A word-for-word transcript of the closing lines is required: from the one with "Some of the words" through the final line of the data.
***** Input data *****
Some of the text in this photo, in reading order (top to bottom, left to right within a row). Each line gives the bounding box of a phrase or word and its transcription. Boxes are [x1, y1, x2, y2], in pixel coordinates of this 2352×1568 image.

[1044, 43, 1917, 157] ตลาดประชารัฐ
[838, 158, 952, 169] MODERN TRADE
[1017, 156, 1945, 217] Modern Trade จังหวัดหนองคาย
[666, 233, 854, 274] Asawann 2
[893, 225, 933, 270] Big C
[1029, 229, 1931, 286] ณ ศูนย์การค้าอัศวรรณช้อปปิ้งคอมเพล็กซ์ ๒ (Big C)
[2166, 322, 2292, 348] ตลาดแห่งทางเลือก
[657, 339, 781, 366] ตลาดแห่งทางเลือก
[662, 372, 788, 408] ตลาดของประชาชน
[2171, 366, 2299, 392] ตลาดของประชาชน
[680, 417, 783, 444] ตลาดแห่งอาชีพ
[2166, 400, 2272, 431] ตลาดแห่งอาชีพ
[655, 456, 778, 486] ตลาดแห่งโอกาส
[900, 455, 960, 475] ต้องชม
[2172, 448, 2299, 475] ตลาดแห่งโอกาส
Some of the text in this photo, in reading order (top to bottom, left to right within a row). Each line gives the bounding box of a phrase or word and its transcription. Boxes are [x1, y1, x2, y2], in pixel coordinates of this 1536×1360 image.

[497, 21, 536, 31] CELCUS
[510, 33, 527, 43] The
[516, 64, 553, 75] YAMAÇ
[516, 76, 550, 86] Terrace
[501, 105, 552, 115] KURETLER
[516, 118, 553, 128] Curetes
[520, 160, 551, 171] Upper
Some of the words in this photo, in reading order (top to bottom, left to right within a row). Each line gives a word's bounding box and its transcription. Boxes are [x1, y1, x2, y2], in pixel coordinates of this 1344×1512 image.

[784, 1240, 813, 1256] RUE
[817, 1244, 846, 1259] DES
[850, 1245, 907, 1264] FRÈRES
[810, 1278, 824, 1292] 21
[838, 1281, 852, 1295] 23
*****
## Task answer
Some of the words in this photo, in reading order (top to bottom, left to right within a row). Each line gives a word's bounding box and its transcription. Boxes are [x1, y1, x2, y2], in pixel coordinates of this 1344×1512 image.

[784, 1240, 813, 1256] RUE
[817, 1244, 846, 1259] DES
[850, 1245, 907, 1264] FRÈRES
[810, 1278, 824, 1292] 21
[838, 1281, 852, 1295] 23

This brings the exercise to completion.